An increase in the latched sequence step is possible if attempted rod movement by the operator will result in less than three existing insert errors. This effectively allows a step increase by the RWM system only if it can be achieved without the occurrence of an insert block condition.
'L A decrease in the latched sequence step is possible only if all control rods in the present step have been moved to the associated step insert limit. This effectively allows a step decrease by the RWM system only if it can be achieved without the occurrence of a rod withdraw block condition.
3.2.5.3 Sequence Error and Rod Block Logic Sequence error and rod block conditions are determined by the CRMS subsystem using a defined set of sequence monitoring logic. The logic used by the CBMS subsystem establishes absolute definitions, of sequence error and block conditions as detailed below.
i--
The three error conditions identified through sequence monitoring activity consist of control rod selection, insert and withdrawal errors. Precise definitions for each of these error conditions are provided in Appendix 1 of this manual but are repeated here for further clarification.
A select error exists whenever the control rod selected by the operator is determined to be outside of the currently loaded sequence (allowable latched step). The CRMS subsystem evalutes rod selection by the operator to 'ensure '
that the rod selected for motion meets either of two conditions. The control rod must either be within the current latched step or be within the next highest or next lowest step allowable through in-step latching requirements.

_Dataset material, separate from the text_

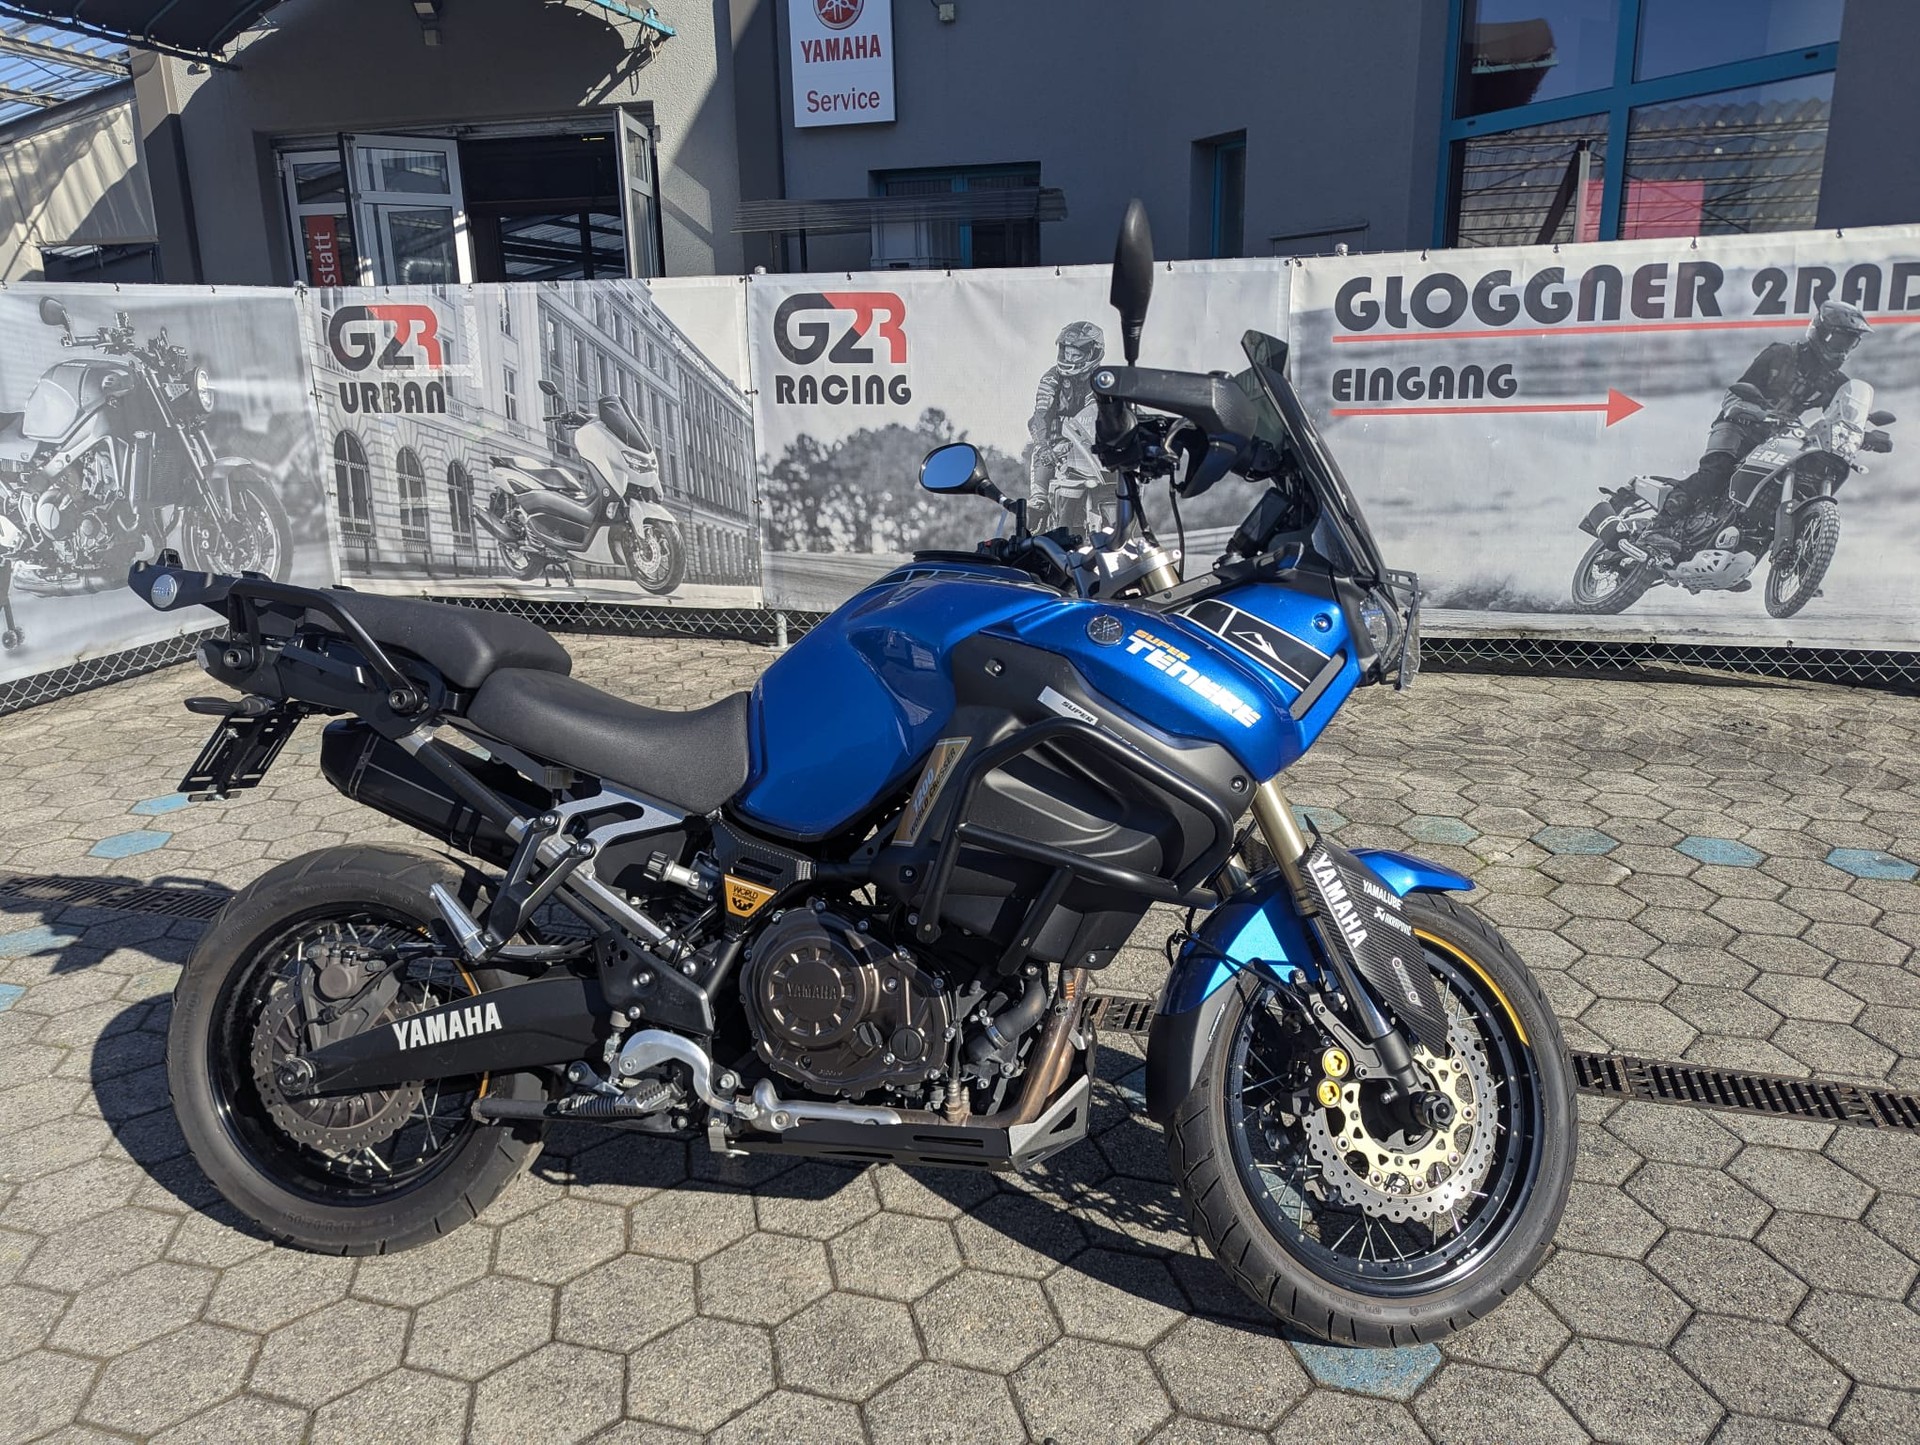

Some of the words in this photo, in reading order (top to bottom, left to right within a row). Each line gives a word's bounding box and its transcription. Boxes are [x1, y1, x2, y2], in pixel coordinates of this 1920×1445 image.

Otherwise a rod selection error exists.
Rod insertion errors exist whenever a control rod is inserted to a position less than the insert limit for the last sequence step in which the control rod was defined. Insert errors can therefore be produced for rods positioned in the present sequence step or any previously completed sequence step.
Rod withdrawal errors exist whenever a control rod is withdrawn to a position beyond the last step in which the control rod was defined. If the control rod was not defined within the sequence up through the latched step, the rod must remain fully inserted or be defined as a withdraw error. A rod withdrawal error can therefore be produced for any control rod in the core with the exception of any fully withdrawn in-sequence rods.
The rod block logic employed by the CRMS subsystem is based upon the number of insert and/or withdraw errors which exist as defined above. As described earlier, when error conditions exist which exceed the bounds established for the sequence (2 insert errors or 1 withdrawal error), rod blocks are initiated by CRMS. Only corrective motion of control rods is allowed to clear existing errors under these circumstances.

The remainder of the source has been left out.